((
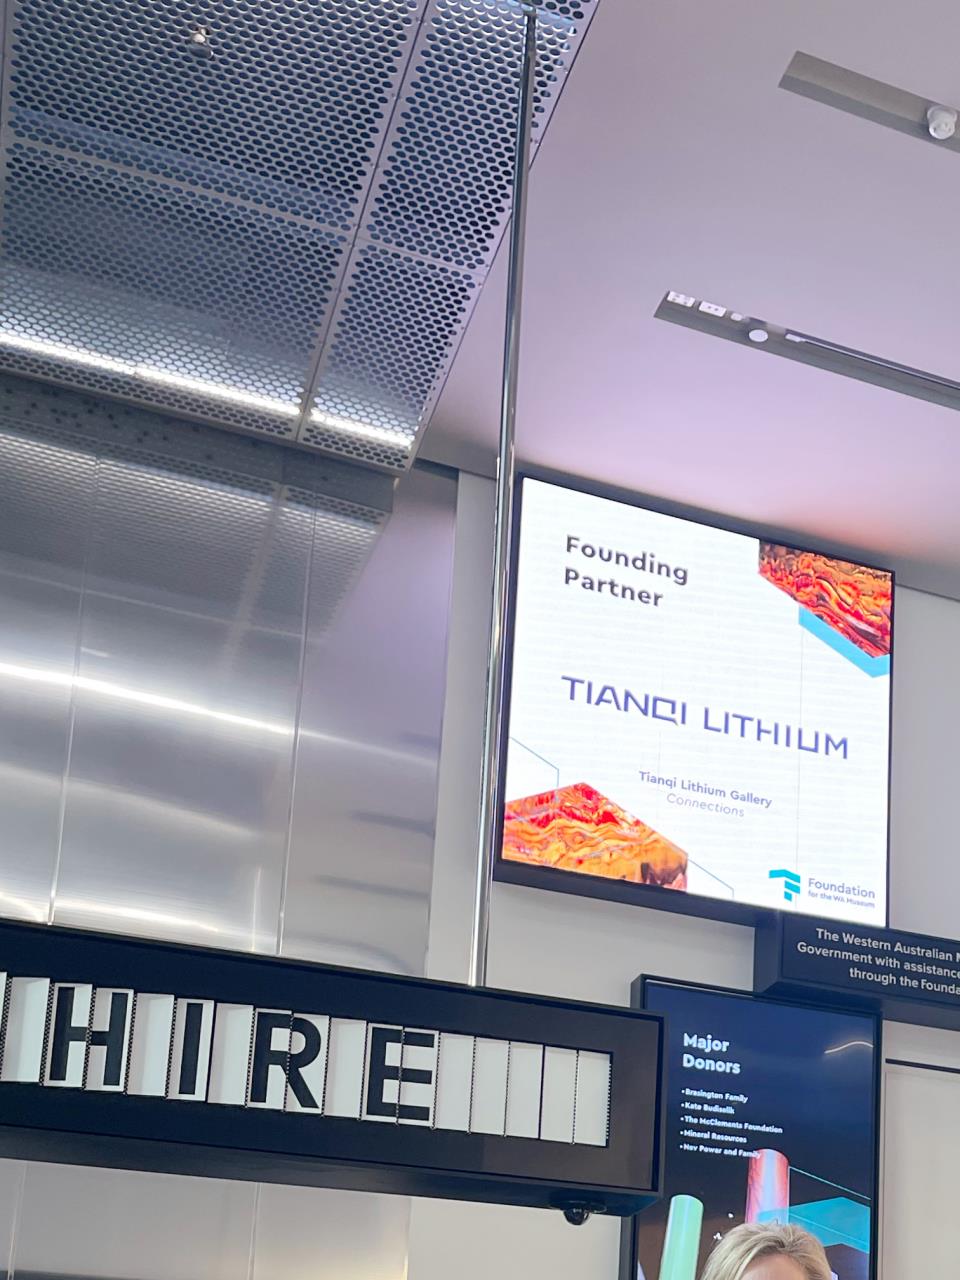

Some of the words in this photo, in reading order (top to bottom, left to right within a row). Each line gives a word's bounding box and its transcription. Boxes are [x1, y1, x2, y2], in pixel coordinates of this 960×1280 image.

[566, 534, 688, 586] Founding
[565, 567, 663, 606] Partner
[561, 675, 687, 726] TIANQI
[704, 706, 848, 759] LITHIUM
[639, 770, 677, 789] Tianqi
[681, 779, 726, 798] Lithium
[730, 790, 772, 808] Gallery
[666, 793, 745, 817] Connections
[808, 877, 875, 899] Foundation
[808, 890, 818, 898] for
[820, 892, 832, 900] the
[833, 895, 845, 903] WA
[847, 897, 875, 908] Museum
[797, 942, 872, 964] Government
[875, 956, 900, 969] with
[816, 928, 839, 942] The
[842, 932, 891, 950] Western
[894, 942, 952, 962] Australian
[849, 967, 896, 986] through
[899, 976, 919, 988] the
[683, 1032, 730, 1053] Major
[49, 986, 435, 1121] HIRE
[683, 1053, 741, 1074] Donors
[684, 1101, 702, 1111] Kate
[725, 1093, 749, 1104] Family
[684, 1115, 698, 1124] The
[699, 1117, 743, 1129] McClements
[744, 1122, 783, 1134] Foundation
[683, 1129, 710, 1139] Mineral
[711, 1133, 747, 1143] Resources
[683, 1143, 699, 1152] Nev
[699, 1145, 723, 1155] Power
[723, 1148, 738, 1156] and
[738, 1149, 761, 1159] Family
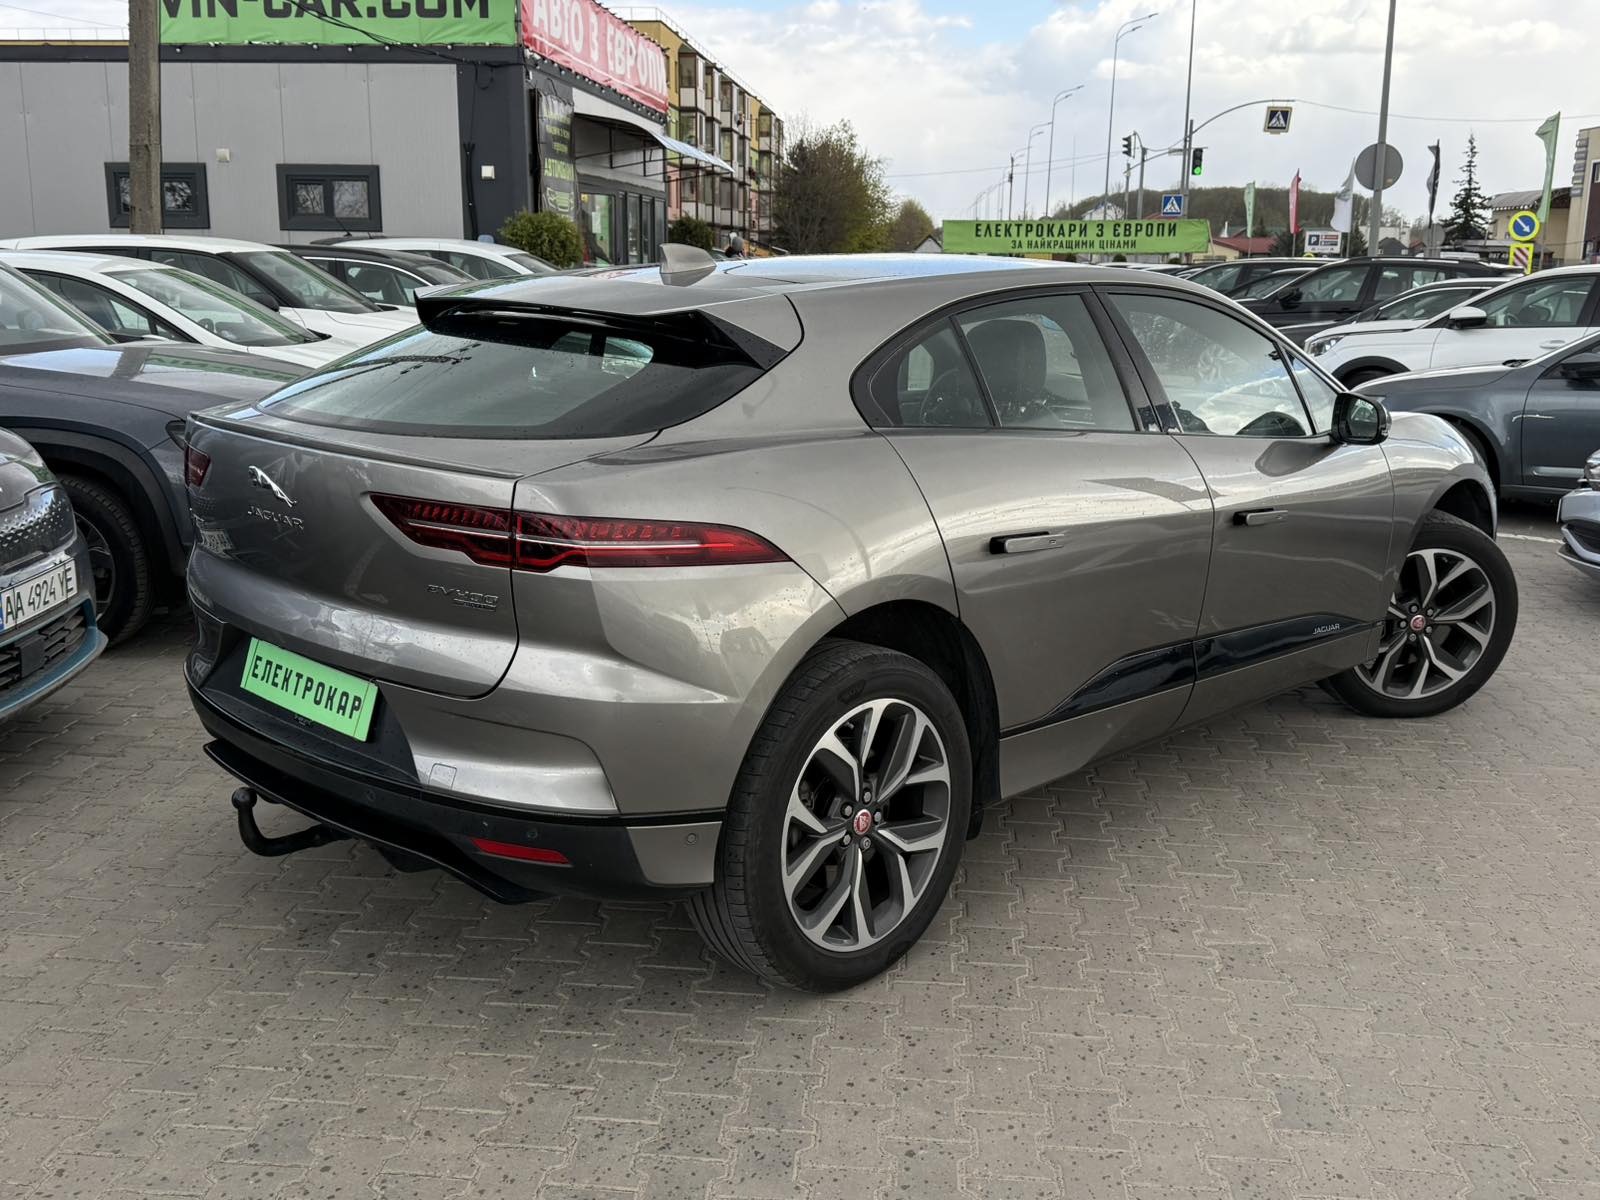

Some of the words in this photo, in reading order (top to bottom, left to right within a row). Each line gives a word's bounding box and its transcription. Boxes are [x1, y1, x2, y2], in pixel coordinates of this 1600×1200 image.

[975, 223, 1088, 237] ЕЛЕКТРОКАРИ
[1113, 223, 1177, 237] ЄВРОПИ
[1011, 240, 1023, 249] ЗА
[1027, 238, 1095, 251] НАЙКРАЩИМИ
[1099, 240, 1137, 250] ЦІНАМИ
[247, 505, 304, 530] JAGUAR
[6, 592, 25, 624] AA
[28, 576, 56, 611] 4924
[1312, 623, 1340, 635] JAGUAR
[251, 655, 362, 720] ЕЛЕКТРОКАР
))
## Try it
Repeat all of the material above exactly, leaving out pictures.

## Answer to this exercise
Some of the words in this photo, in reading order (top to bottom, left to right within a row). Each line gives a word's bounding box and its transcription. Boxes are [x1, y1, x2, y2], in pixel coordinates of this 960×1280 image.

[566, 534, 688, 586] Founding
[565, 567, 663, 606] Partner
[561, 675, 687, 726] TIANQI
[704, 706, 848, 759] LITHIUM
[639, 770, 677, 789] Tianqi
[681, 779, 726, 798] Lithium
[730, 790, 772, 808] Gallery
[666, 793, 745, 817] Connections
[808, 877, 875, 899] Foundation
[808, 890, 818, 898] for
[820, 892, 832, 900] the
[833, 895, 845, 903] WA
[847, 897, 875, 908] Museum
[797, 942, 872, 964] Government
[875, 956, 900, 969] with
[816, 928, 839, 942] The
[842, 932, 891, 950] Western
[894, 942, 952, 962] Australian
[849, 967, 896, 986] through
[899, 976, 919, 988] the
[683, 1032, 730, 1053] Major
[49, 986, 435, 1121] HIRE
[683, 1053, 741, 1074] Donors
[684, 1101, 702, 1111] Kate
[725, 1093, 749, 1104] Family
[684, 1115, 698, 1124] The
[699, 1117, 743, 1129] McClements
[744, 1122, 783, 1134] Foundation
[683, 1129, 710, 1139] Mineral
[711, 1133, 747, 1143] Resources
[683, 1143, 699, 1152] Nev
[699, 1145, 723, 1155] Power
[723, 1148, 738, 1156] and
[738, 1149, 761, 1159] Family

Some of the words in this photo, in reading order (top to bottom, left to right within a row). Each line gives a word's bounding box and its transcription. Boxes are [x1, y1, x2, y2], in pixel coordinates of this 1600×1200 image.

[975, 223, 1088, 237] ЕЛЕКТРОКАРИ
[1113, 223, 1177, 237] ЄВРОПИ
[1011, 240, 1023, 249] ЗА
[1027, 238, 1095, 251] НАЙКРАЩИМИ
[1099, 240, 1137, 250] ЦІНАМИ
[247, 505, 304, 530] JAGUAR
[6, 592, 25, 624] AA
[28, 576, 56, 611] 4924
[1312, 623, 1340, 635] JAGUAR
[251, 655, 362, 720] ЕЛЕКТРОКАР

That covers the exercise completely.